The epitome of barbaric rule was feudalism where the entire order was predicated on private ownership.

The feudal monarch, as far as he governed at all, governed as a proprietor or landholder, not as the representative of the commonwealth. Under feudalism there are estates, but no state. . . . The whole theory of power is, that it is an estate; a private right, not a public trust. It is not without reason, then, that the common sense of civilized nations terms the ages when it prevailed in Western Europe barbarous ages.

American constitutionalism, Brownson argued, with its division of powers vertically and horizontally, was centered on the principle of freedom. To effectuate this principle required a justification for both the authority that was due individual liberty and the rightful loyalty the citizen should give the constitutional order. The legitimacy of this order inhered in the shared enterprise of representative government attached to borders, state and national, which permitted direct accountability of rulers and ruled occurring across multiple layers of government. Due regard for self government would ensure that freedom flourished for individuals and their private forms of association.

Brownson’s principle helps us understand the powerful distinction between a personal right of rule versus a public right of rule or what he calls “territorial rights.” Interestingly, Brownson argued that the rise of majoritarian government in Europe in 1848, the supposed year of liberation, was the reincarnation of barbaric power. Races, ethnicities, and nationalities within Europe had expressed and claimed their control over territory, independently of their actually possessing legitimate authority to create and define the new territory as their own. Solidarity of a pre-political association, in this case, a perceived group identity, in some cases violently trumped the historical evolution of right and law and borders. So we see that even the claim of public right can actually mask a much deeper will that desires to express power for pre-political interests, ones that attach to a group because of race or ethnicity. In different forms, the tribe returns to power with its chief ruling in its name. In short, we have an expression of power that is barbaric, tribal, i.e., private, expressions that cannot be interrogated or disciplined by deliberation.

Where do we stand?

Our President’s fealty is obviously not to the Constitution and its principles that limit power. Where does it rest? We see that his loyalty to the law comes through its ability effectuate the private power interests, the pre-political group rights, call it the 21st century’s version of the friend/enemy distinction. Members of the illiberal literati might reply that these are public ordering principles, not private ones. For example, we are trying to end gender inequality so we must requisition insurance companies and employers to pay for contraceptives and abortions. Thus the charge of political barbarism fails. But the claim of public rule is that it is exercised in the form of a shared enterprise regarding policy subjects that can be rationally debated. Surely, a first requirement in the assertion of an interest is that it be open to deliberation, to “dry political argument.”

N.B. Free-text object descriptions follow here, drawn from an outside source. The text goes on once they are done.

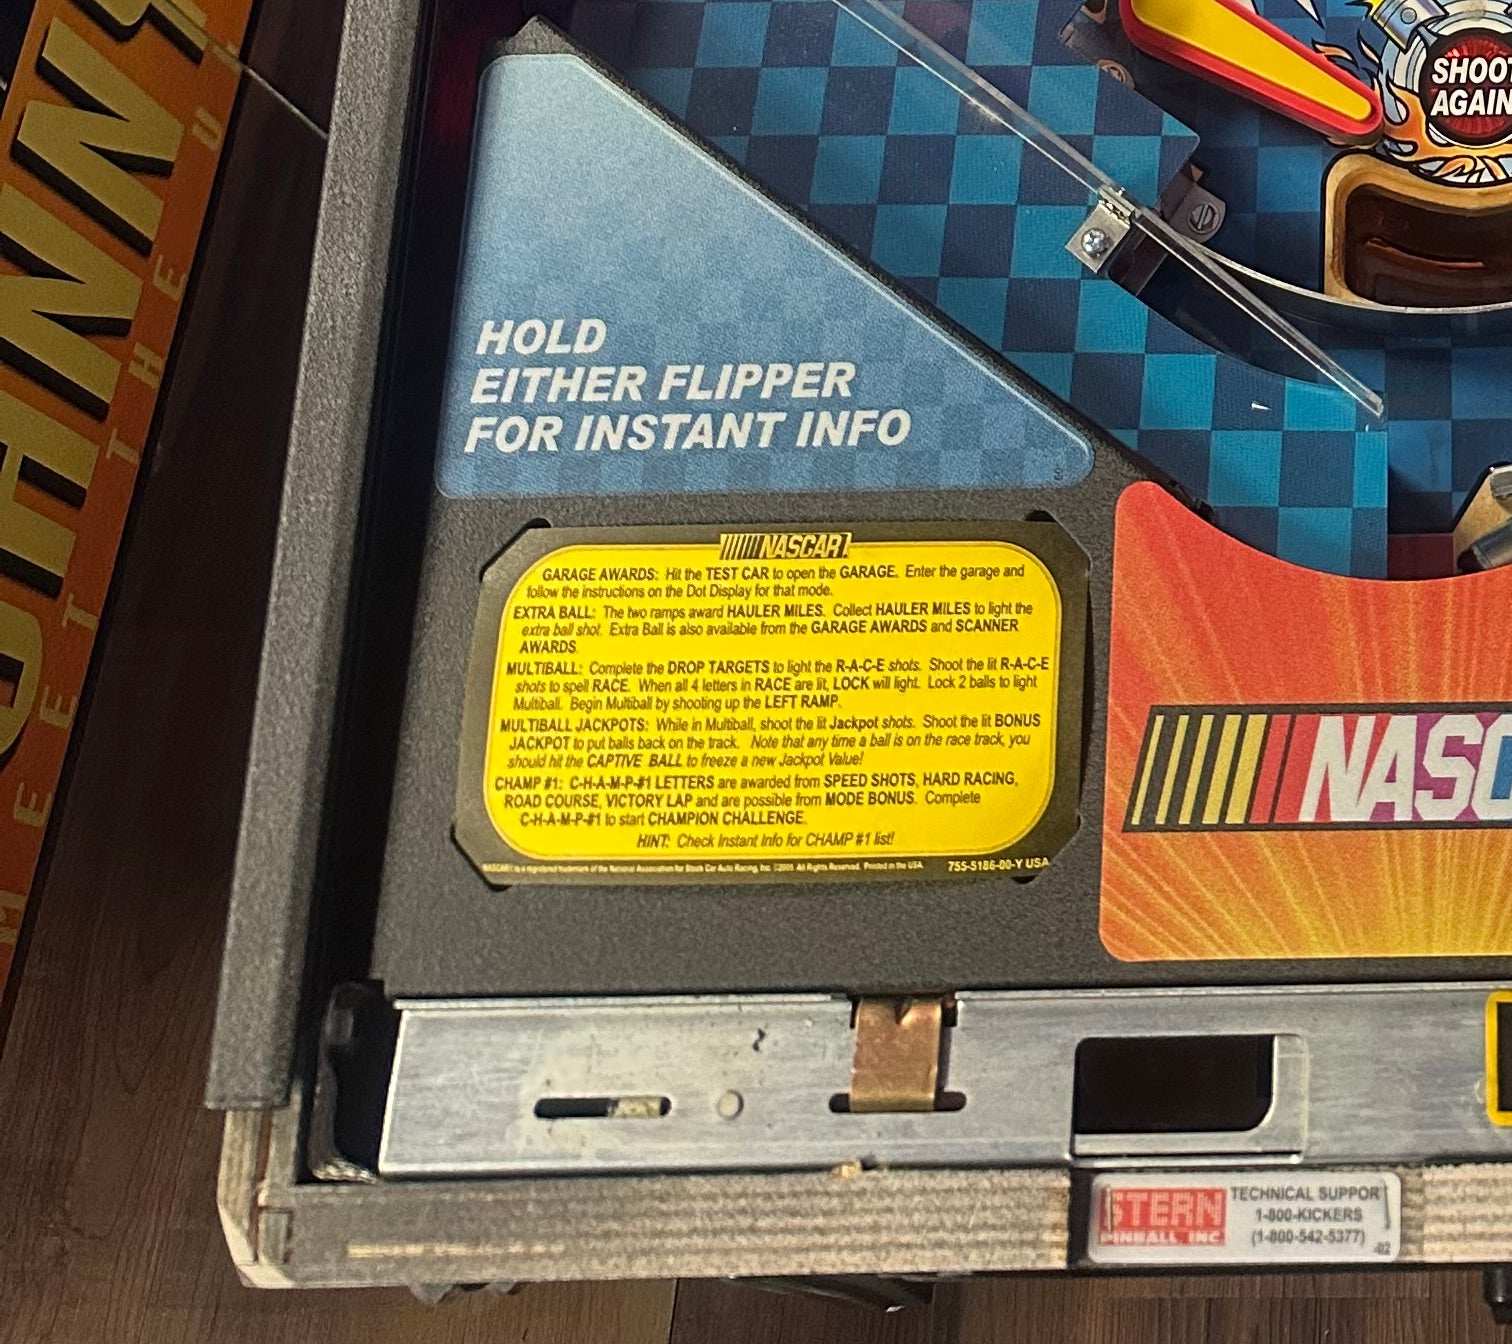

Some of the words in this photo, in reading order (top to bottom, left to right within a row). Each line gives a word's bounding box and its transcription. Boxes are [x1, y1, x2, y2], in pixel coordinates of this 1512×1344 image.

[474, 318, 608, 356] HOLD
[469, 365, 650, 405] EITHER
[657, 361, 858, 401] FLIPPER
[463, 415, 567, 454] FOR
[573, 411, 788, 452] INSTANT
[794, 408, 913, 449] INFO
[758, 532, 848, 560] NASCAR
[542, 567, 596, 582] GARAGE
[599, 566, 659, 581] AWARDS:
[706, 566, 738, 581] TEST
[741, 566, 769, 581] CAR
[955, 618, 1019, 633] SCANNER
[667, 660, 705, 675] DROP
[708, 659, 770, 675] TARGETS
[1231, 1186, 1315, 1202] TECHNICAL
[1255, 1207, 1363, 1224] 1-800-KICKERS

But we see that the claims of the progressive matrix that guide this president like none previous are impervious to rational deliberation. These identities resist being the subject of debate. If my sole claim as a public individual is racial or gender identity or being part of a class, then where exactly is there room for compromise? To interrogate these identities, to question them as a basis for law, for rights, is to seemingly deny that the person or group making them has public validity. When that point is reached Congressional power, the branch situated to rule by deliberation, compromise, and shared agreements becomes irrelevant. Instead, we enter Carl Schmitt land or the need for government by executive, government by discretionary enforcement. Our friends are obvious to us, all that remains is “to punish our enemies.”

The question for free men and women, for Americans, is why have we let this come to pass?